Phrase grounding data:
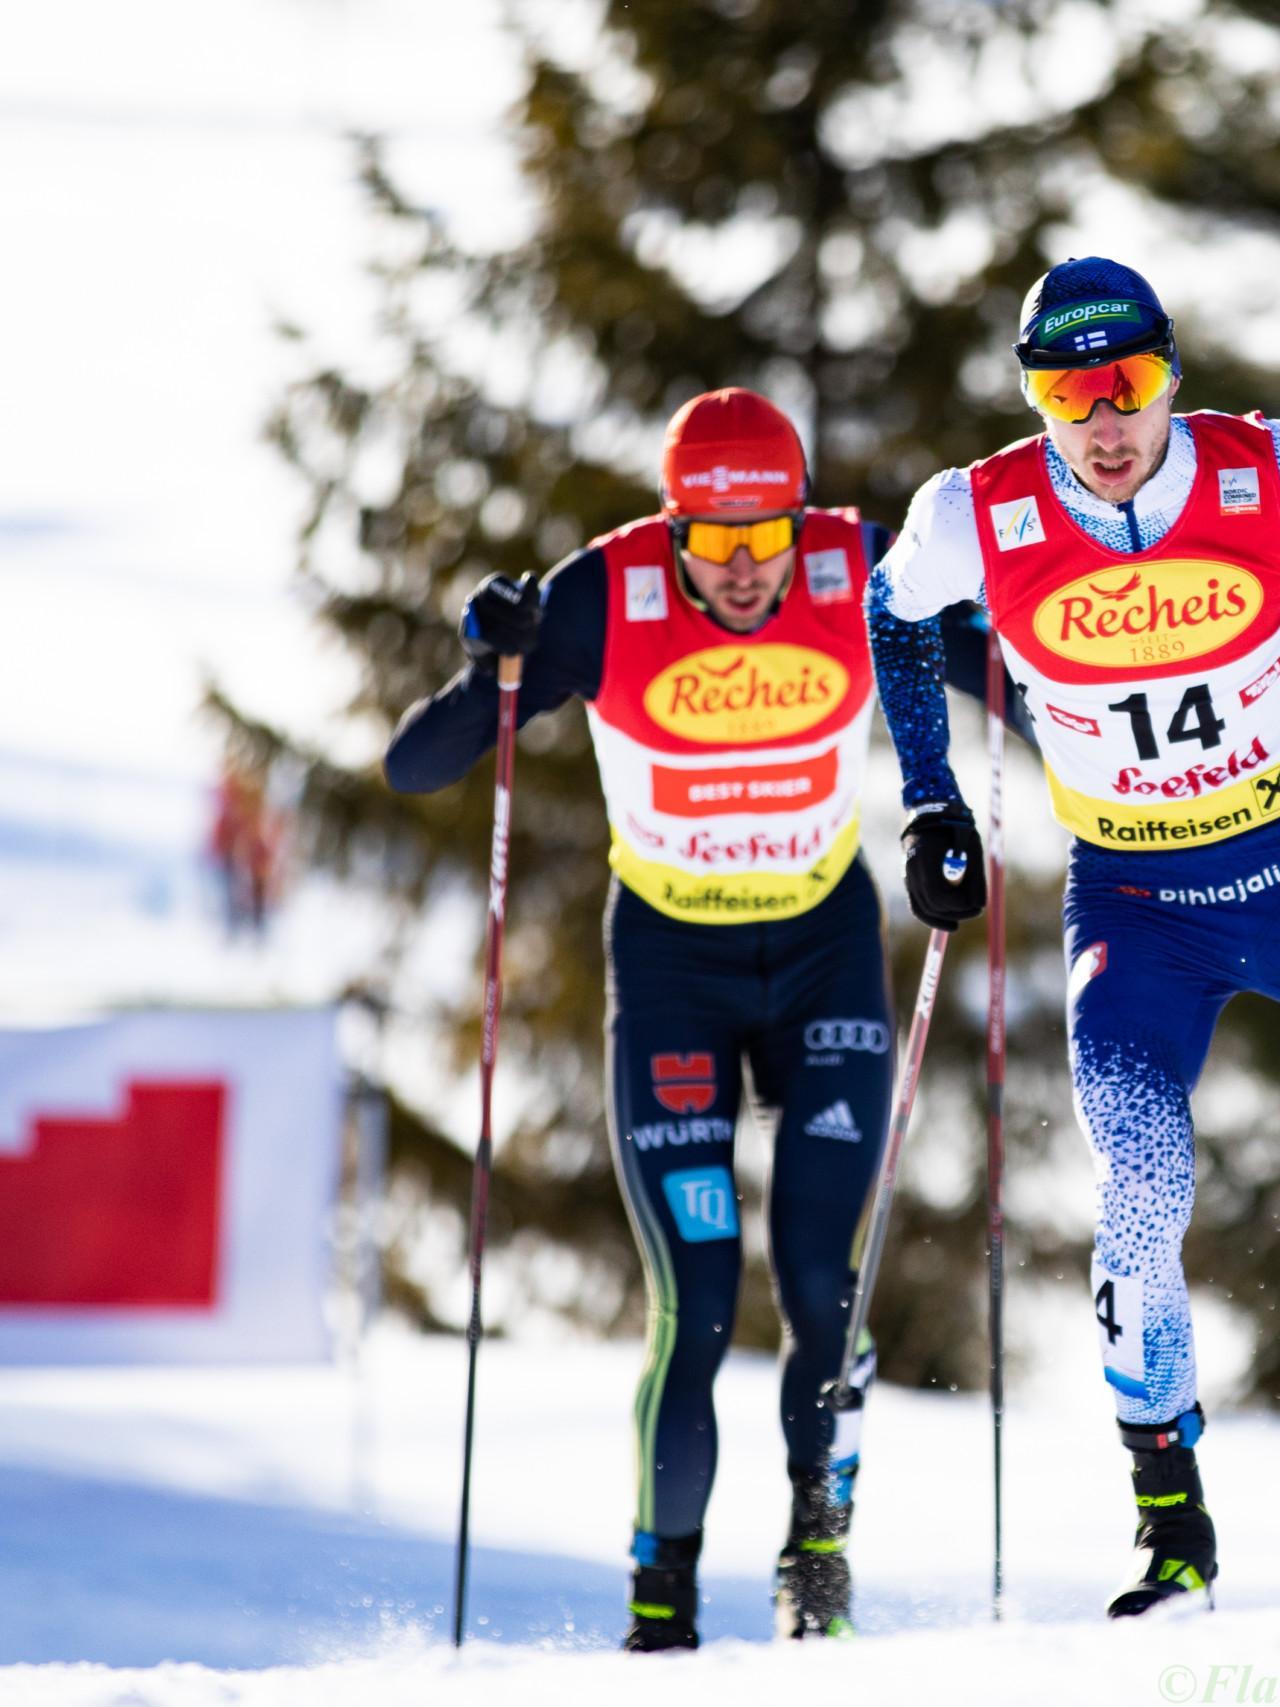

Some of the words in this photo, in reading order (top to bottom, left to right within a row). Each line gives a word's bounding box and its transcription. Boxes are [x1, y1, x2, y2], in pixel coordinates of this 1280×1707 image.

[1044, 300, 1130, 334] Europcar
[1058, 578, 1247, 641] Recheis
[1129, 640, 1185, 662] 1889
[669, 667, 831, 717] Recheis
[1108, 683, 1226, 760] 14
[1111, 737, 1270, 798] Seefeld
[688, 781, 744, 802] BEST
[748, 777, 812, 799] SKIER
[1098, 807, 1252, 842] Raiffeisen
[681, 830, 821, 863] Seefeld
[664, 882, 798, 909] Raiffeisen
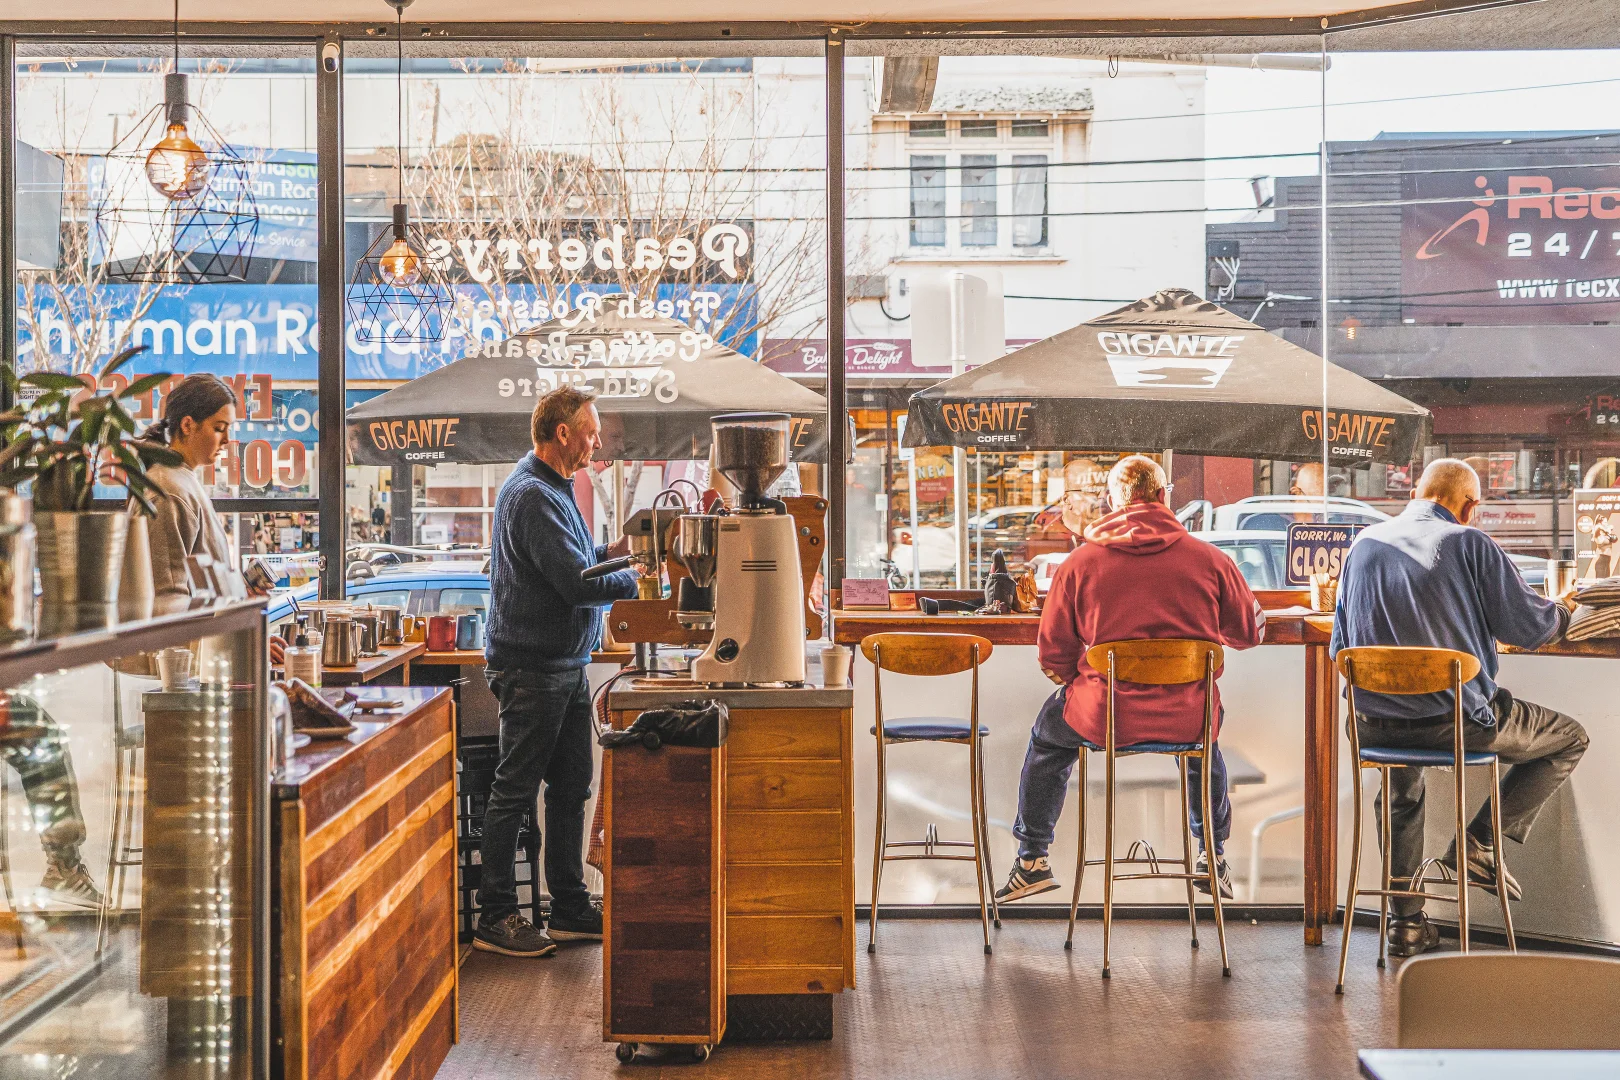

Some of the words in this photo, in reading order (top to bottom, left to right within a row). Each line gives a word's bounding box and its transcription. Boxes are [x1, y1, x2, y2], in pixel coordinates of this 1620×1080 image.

▶ Directions:
Could the data be reproduced exactly, with the pictures omitted?

▶ Answer to the exercise:
Some of the words in this photo, in reading order (top to bottom, left to right within a row). Each line gives a word's bounding box and its transcription. Boxes are [x1, y1, x2, y2], in pixel coordinates of this 1280×1707 image.

[1044, 300, 1130, 334] Europcar
[1058, 578, 1247, 641] Recheis
[1129, 640, 1185, 662] 1889
[669, 667, 831, 717] Recheis
[1108, 683, 1226, 760] 14
[1111, 737, 1270, 798] Seefeld
[688, 781, 744, 802] BEST
[748, 777, 812, 799] SKIER
[1098, 807, 1252, 842] Raiffeisen
[681, 830, 821, 863] Seefeld
[664, 882, 798, 909] Raiffeisen

Some of the words in this photo, in reading order (top to bottom, left to right within a row). Each line gives a word's bounding box and its transcription. Boxes are [x1, y1, x2, y2], in pixel coordinates of this 1620×1080 image.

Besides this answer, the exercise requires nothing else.